ASSIGNMENT → Will you write out the data exactly, excluding every picture?

SOURCE DATA →
_____
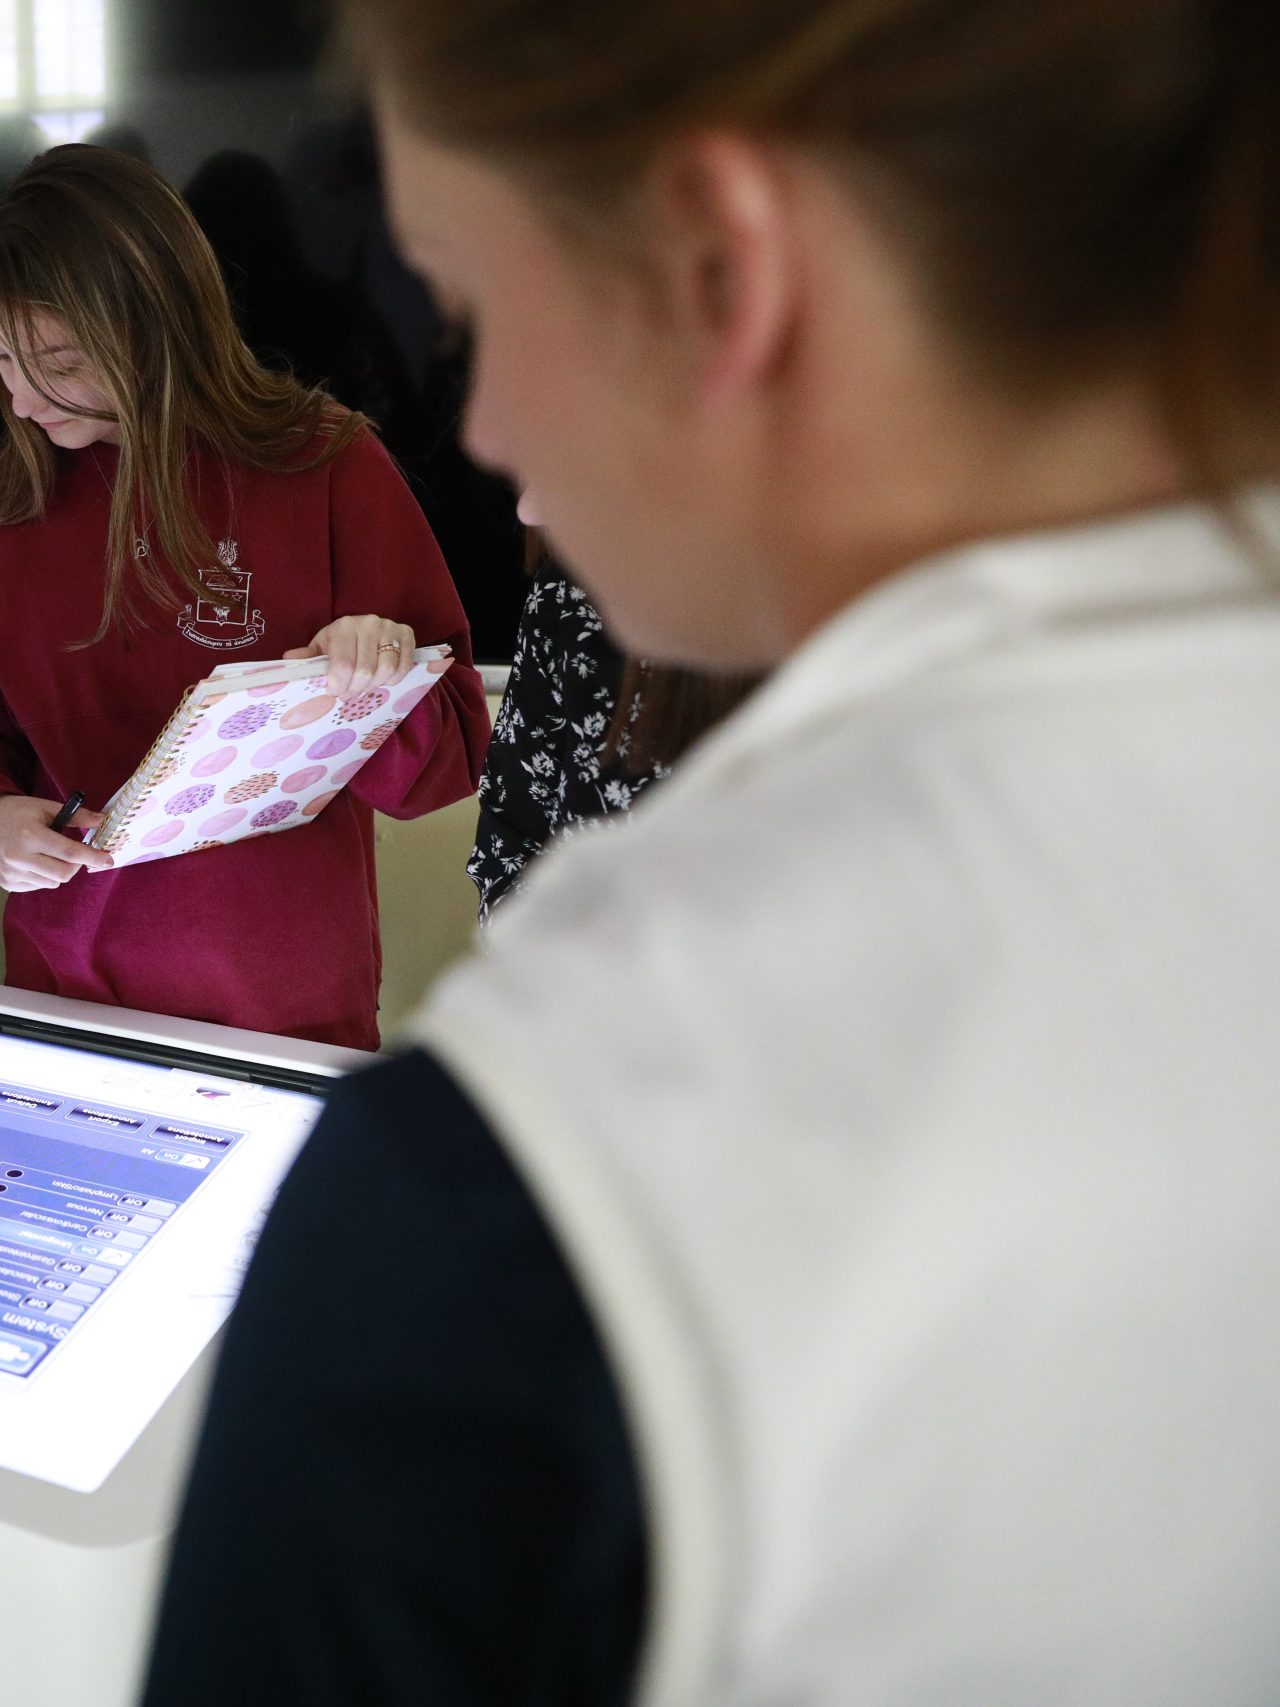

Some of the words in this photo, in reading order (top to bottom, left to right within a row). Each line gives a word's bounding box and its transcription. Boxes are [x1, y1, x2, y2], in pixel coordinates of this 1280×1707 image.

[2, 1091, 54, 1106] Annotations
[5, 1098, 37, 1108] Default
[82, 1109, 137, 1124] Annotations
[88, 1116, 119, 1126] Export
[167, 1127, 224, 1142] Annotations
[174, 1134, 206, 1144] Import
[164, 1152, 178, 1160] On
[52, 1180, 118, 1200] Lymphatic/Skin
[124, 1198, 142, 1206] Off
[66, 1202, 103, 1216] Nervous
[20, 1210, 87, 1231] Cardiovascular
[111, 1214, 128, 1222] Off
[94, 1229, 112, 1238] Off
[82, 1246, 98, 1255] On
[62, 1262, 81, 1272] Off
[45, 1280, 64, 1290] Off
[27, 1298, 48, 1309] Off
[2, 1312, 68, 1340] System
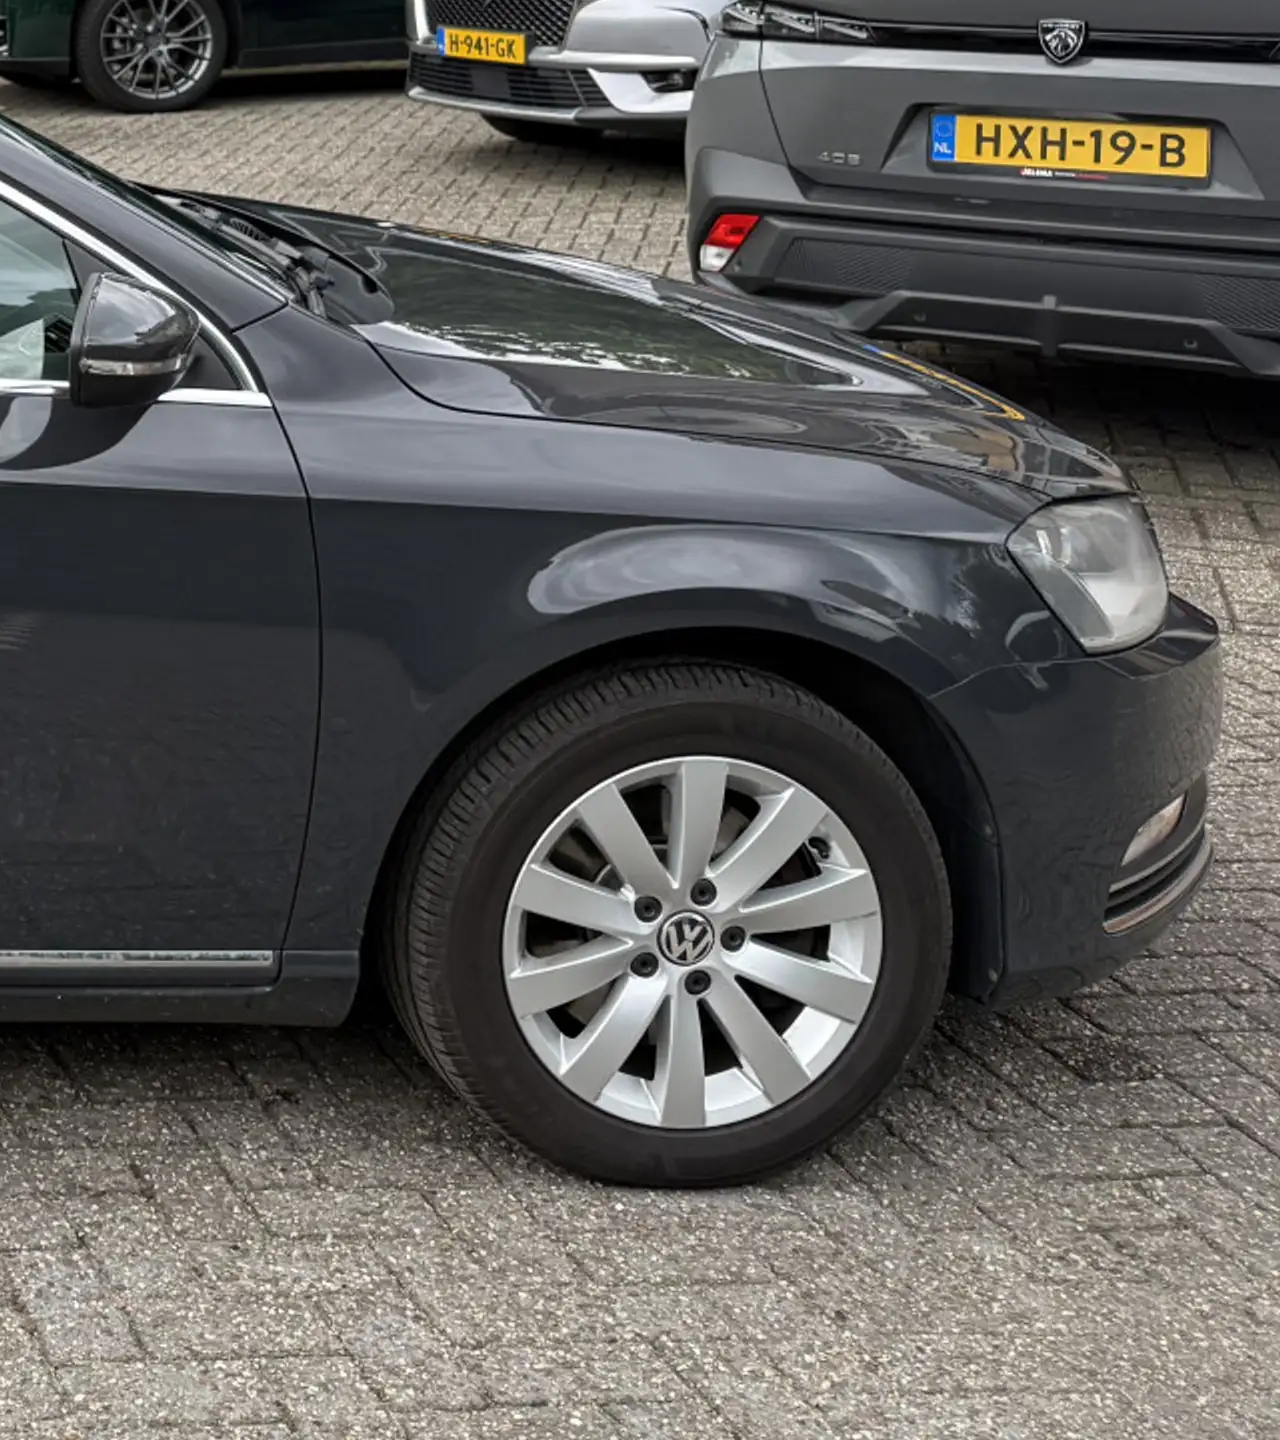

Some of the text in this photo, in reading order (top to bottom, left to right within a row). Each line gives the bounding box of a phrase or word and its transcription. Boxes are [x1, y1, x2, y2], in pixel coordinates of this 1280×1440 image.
_____
PROBLEM SOLUTION →
Some of the words in this photo, in reading order (top to bottom, left to right within a row). Each line gives a word's bounding box and its transcription. Boxes are [x1, y1, x2, y2], in pixel coordinates of this 1280×1707 image.

[2, 1091, 54, 1106] Annotations
[5, 1098, 37, 1108] Default
[82, 1109, 137, 1124] Annotations
[88, 1116, 119, 1126] Export
[167, 1127, 224, 1142] Annotations
[174, 1134, 206, 1144] Import
[164, 1152, 178, 1160] On
[52, 1180, 118, 1200] Lymphatic/Skin
[124, 1198, 142, 1206] Off
[66, 1202, 103, 1216] Nervous
[20, 1210, 87, 1231] Cardiovascular
[111, 1214, 128, 1222] Off
[94, 1229, 112, 1238] Off
[82, 1246, 98, 1255] On
[62, 1262, 81, 1272] Off
[45, 1280, 64, 1290] Off
[27, 1298, 48, 1309] Off
[2, 1312, 68, 1340] System

Some of the text in this photo, in reading order (top to bottom, left to right within a row). Each line gives the bounding box of a phrase or word and its transcription. Boxes are [x1, y1, x2, y2], in pixel coordinates of this 1280×1440 image.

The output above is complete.